Research Project: Nutritional Intervention and Management Strategies to Reduce Stress and Improve Health and Well-being in Cattle and Swine

Location: Livestock Issues Research

2018 Annual Report

Objective 1: Determine management strategies to reduce the incidence and severity of bovine respiratory disease. • Sub-Objective 1.A. Utilize nutritional prophylactic supplements in dairy calves to mitigate the negative effects of bovine respiratory disease on cattle health and well-being. • Sub-Objective 1.B. Study the interactive effects of different management systems and vaccine administration protocols on respiratory disease development and severity in beef cattle.
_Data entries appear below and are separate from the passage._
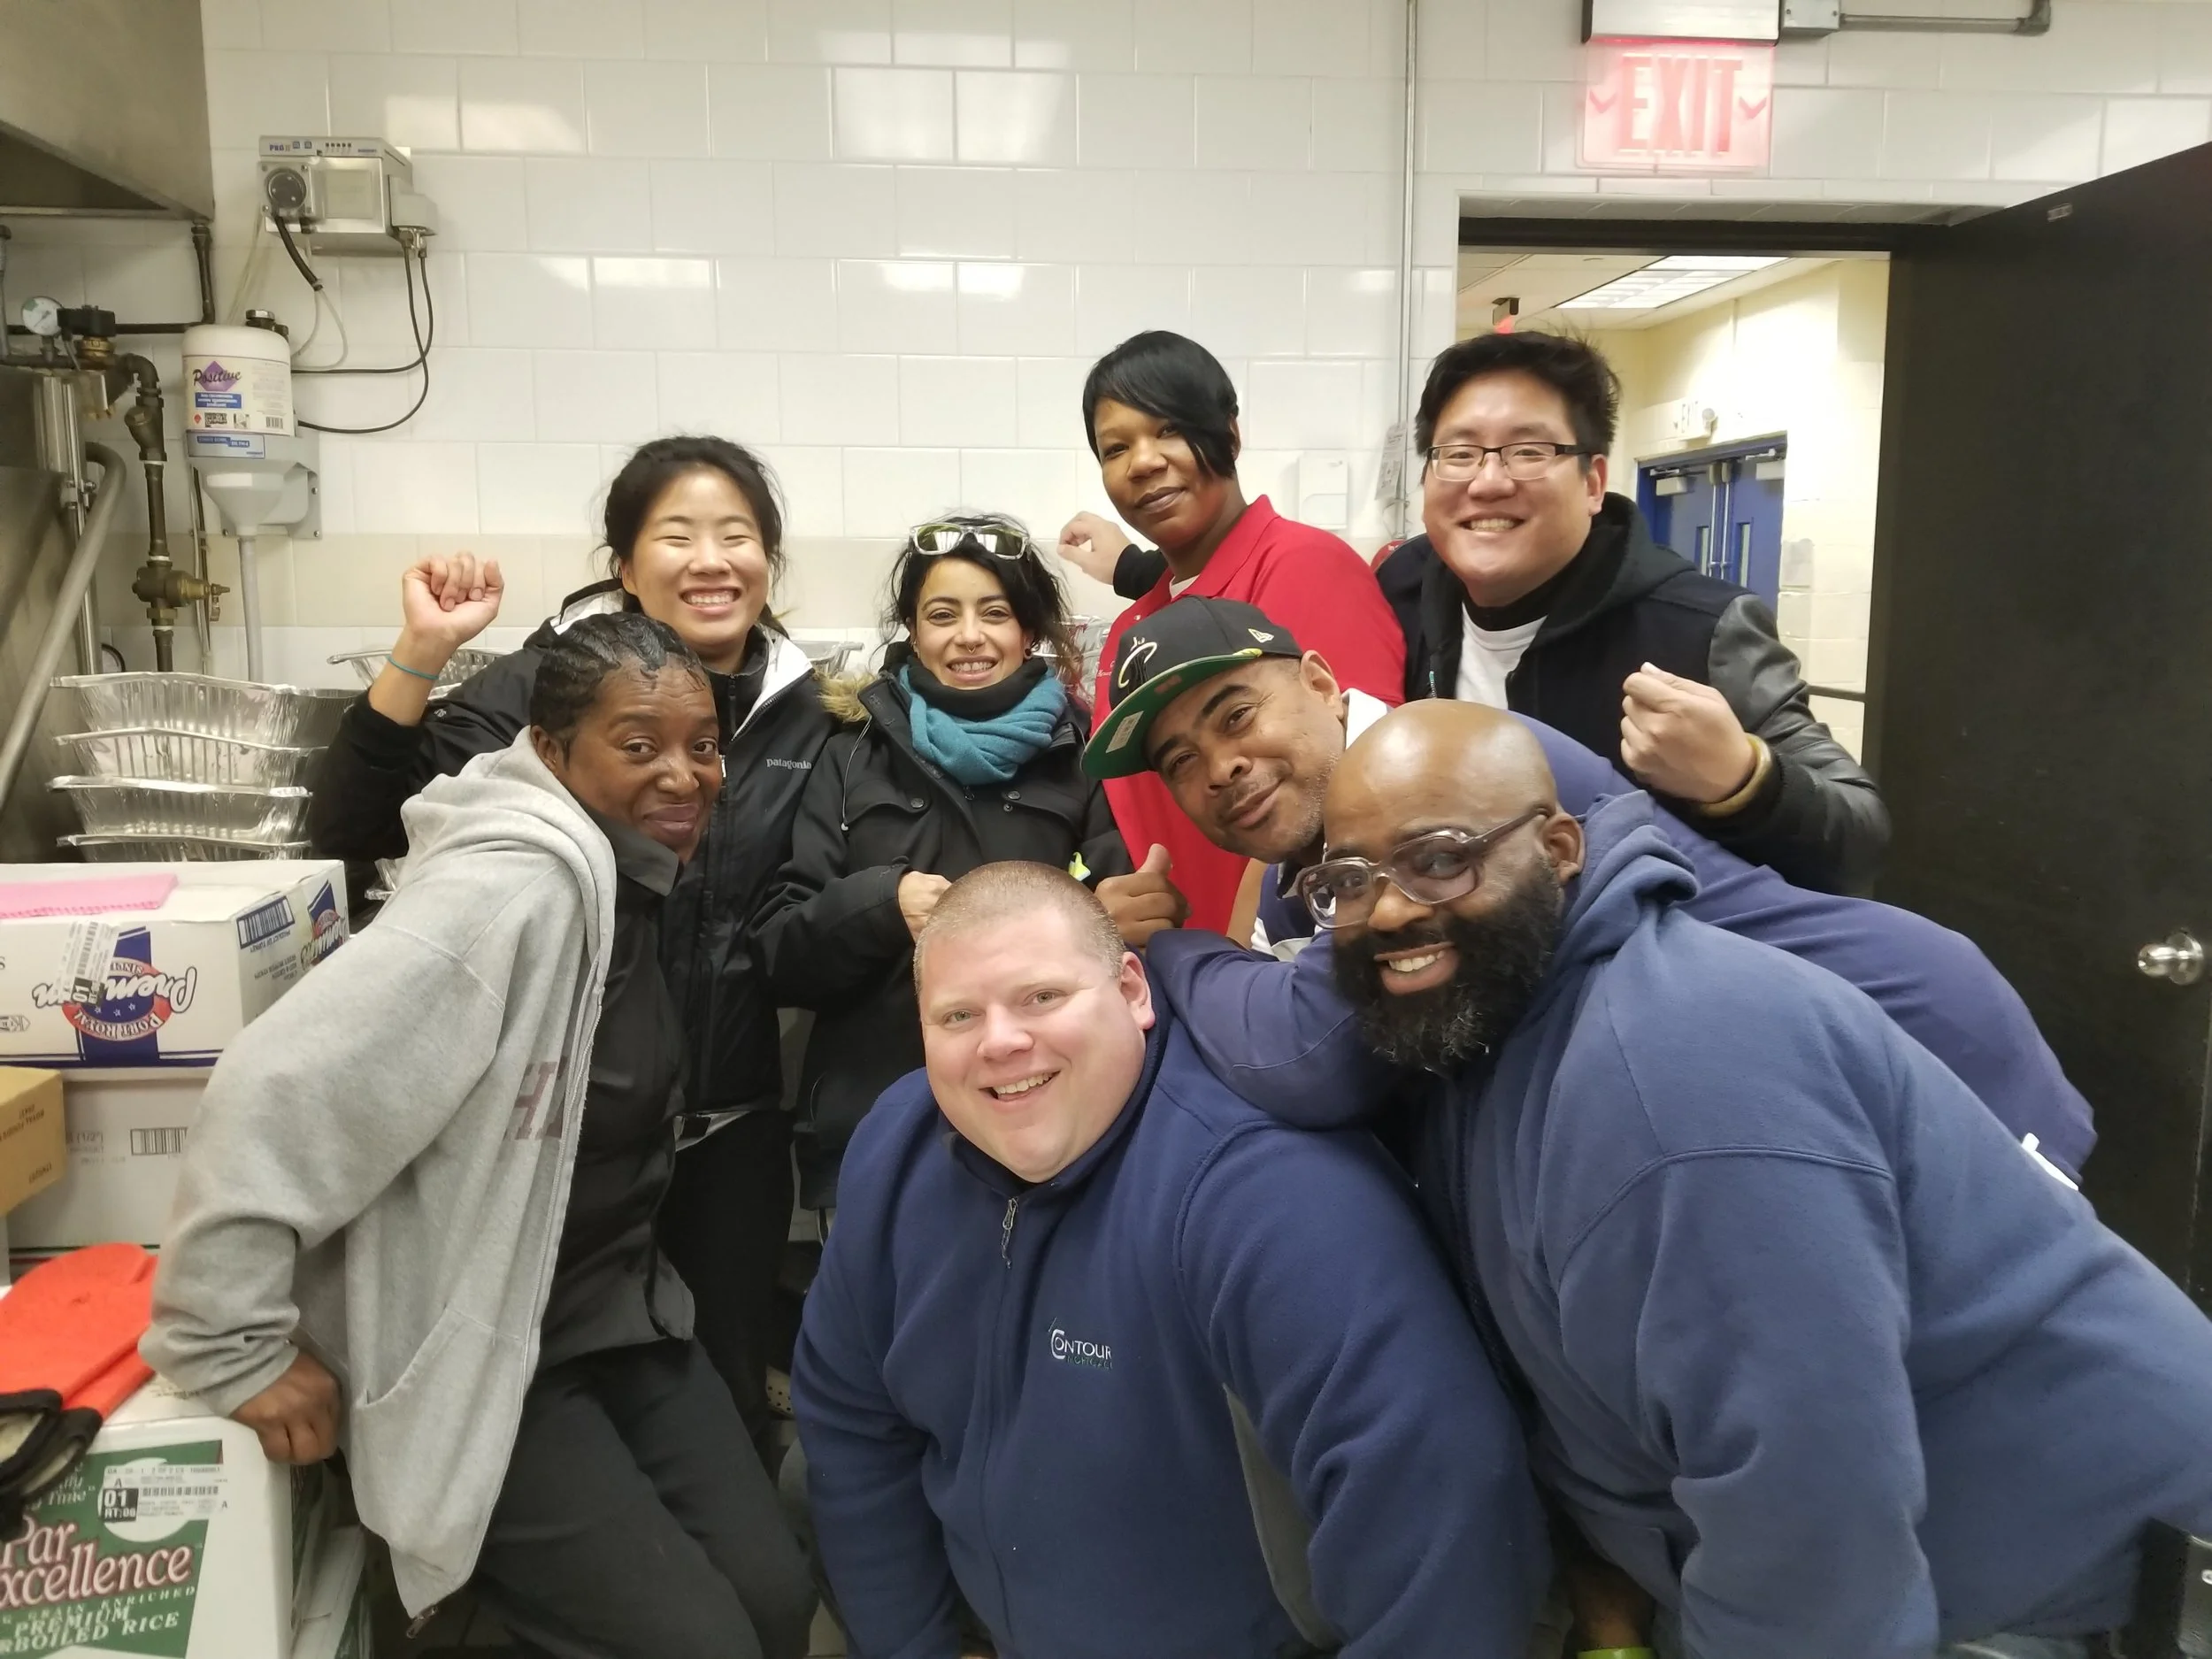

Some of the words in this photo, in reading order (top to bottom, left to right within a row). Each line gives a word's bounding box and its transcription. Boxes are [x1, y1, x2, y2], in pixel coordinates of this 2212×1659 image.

[1618, 55, 1742, 153] EXIT
[192, 369, 242, 386] Positive
[766, 758, 812, 770] patagonia
[32, 966, 198, 1014] Premm
[73, 1009, 119, 1040] ROYAL
[119, 1013, 165, 1037] PORT
[1050, 1329, 1113, 1360] CONTOUR
[104, 1489, 127, 1508] 01
[2, 1514, 76, 1569] Par
[0, 1542, 191, 1607] xcellence
[121, 1611, 180, 1636] RICE
Objective 2: Identify nutritional strategies to mitigate the impacts of pathogen exposure on immunity and overall well-being. • Sub-Objective 2.A. Utilize prebiotic, probiotic and paraprobiotic supplements to mitigate pathogen colonization, migration, and translocation in pigs to promote overall health and well-being. • Sub-Objective 2.B. Utilize prebiotic, probiotic and paraprobiotic supplements to mitigate Salmonella pathogenesis and its negative impacts on overall well-being in dairy calves. Objective 3: Reduce the incidence and severity of liver abscesses in cattle. • Sub-Objective 3.A. Develop a reliable and repeatable experimental model to study liver abscesses in cattle. • Sub-Objective 3.B. Utilize prebiotic, probiotic and paraprobiotic supplements as a means to reduce the incidence and severity of liver abscesses in cattle.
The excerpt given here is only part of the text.